You must submit any request to inspect and copy your medical information to our Medical Records Supervisor in writing. If you request a copy of your information, we may charge a fee for the costs of copying, mailing or other supplies associated with your request. - Right to Amend. If you feel that medical information we have about you is incorrect or incomplete, you may ask us to amend the information. Your request must be in writing and must explain your reason(s) for the amendment. We may deny your request if: 1) the information was not created by us; 2) the information is not part of the records used to make decisions about you; 3) we believe the information is correct and complete or 4) the information is not part of the information you were allowed to review. We will tell you in writing the reasons for your denial and describe your rights to give us a written statement disagreeing with the denial. If we accept your request to amend the information, we will make reasonable efforts to inform others of the amendment, including persons you name who have received information about you and who need the amendment.
- Right to an Accounting of Disclosures. You have the right to request an "accounting of disclosures." This is a list of the disclosures we have made of medical information about you, with some exceptions.
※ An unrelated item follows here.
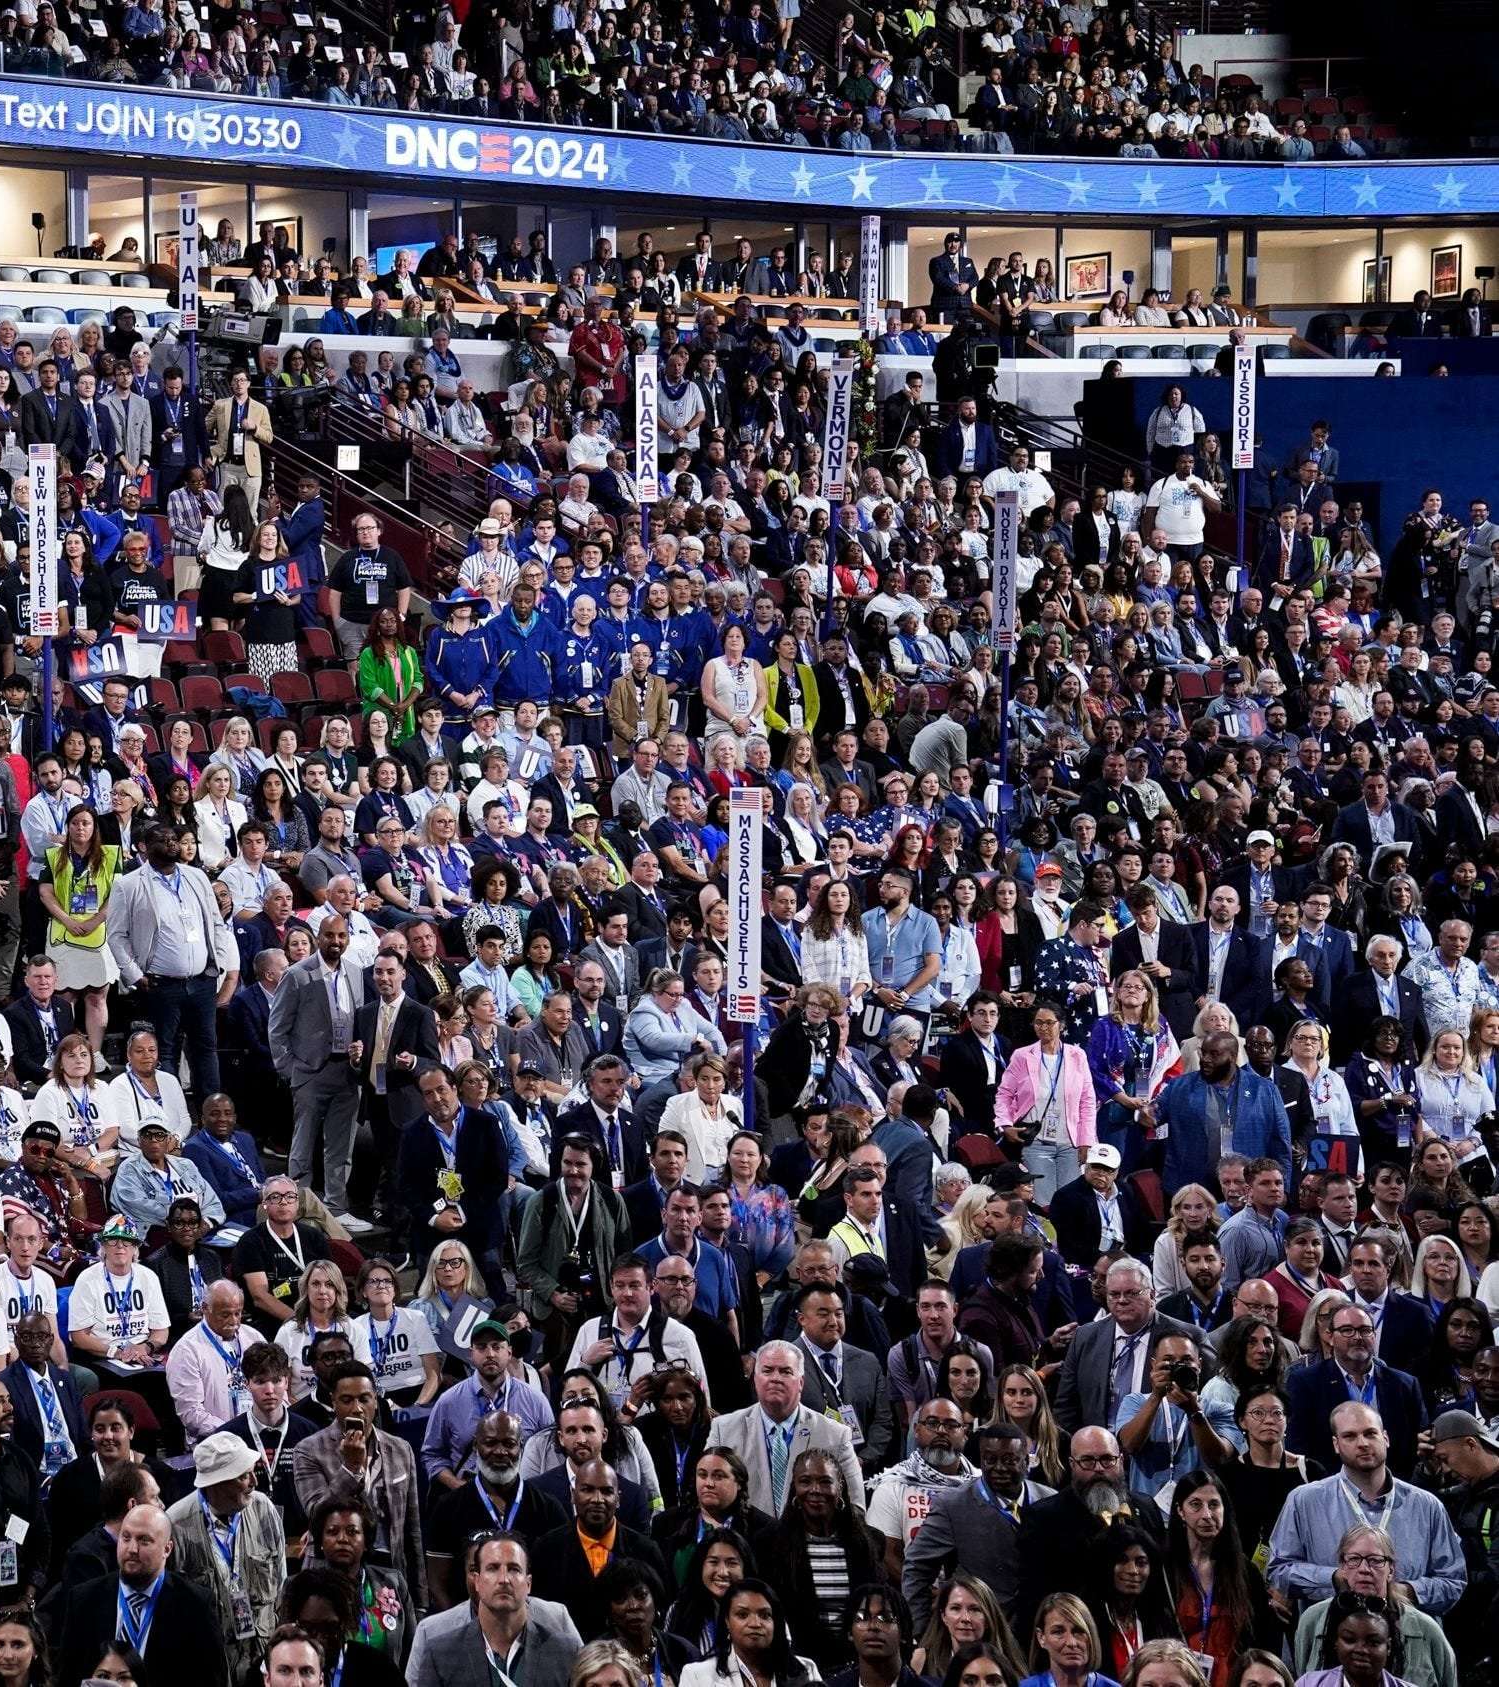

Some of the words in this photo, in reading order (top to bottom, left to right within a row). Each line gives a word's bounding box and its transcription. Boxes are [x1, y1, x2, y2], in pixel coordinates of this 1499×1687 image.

The exceptions are governed by federal health privacy law, and include (1) routine disclosures for treatment, payment and operations conducted pursuant to your signed consent form, and (2) disclosures to you.
You must submit any request for an accounting of disclosures to our Medical Records office at the location noted on the first page of this Notice, in writing. Your written request must state a time period, which may not be longer than six years and may not include dates before April 14, 2003, when current federal health privacy laws became effective for CPS. Your request should indicate whether you want the report on paper or electronically. The first report you request within a 12-month period will be free. For additional reports, we may charge you for the costs of providing the report. We will notify you of the cost involved, and you may choose to withdraw or modify your request at that time before any costs are incurred. - Right to a Paper Copy of This Notice. You may ask us to give you a paper copy of this Notice at any time by contacting our Medical Records office at the location noted on the first page of this Notice.
Changes to this notice
We reserve the right to change this Notice as well as our privacy policy and procedures. When we do, we may make the changed Notice effective for medical information we already have about you, as well as any information we receive in the future. We will post a copy of the current Notice in our reception area. Each Notice will contain on the first page, in the top left-hand corner, its effective date.
Complaints
If you believe your privacy rights have been violated, you may file a complaint with CPS or with the Secretary of the Department of Health and Human Services. To file a complaint with CPS, contact our Clinical Services Director or Medical Records Supervisor at the location noted on the first page of this Notice. All complaints must be submitted in writing. You will not be penalized for filing a complaint.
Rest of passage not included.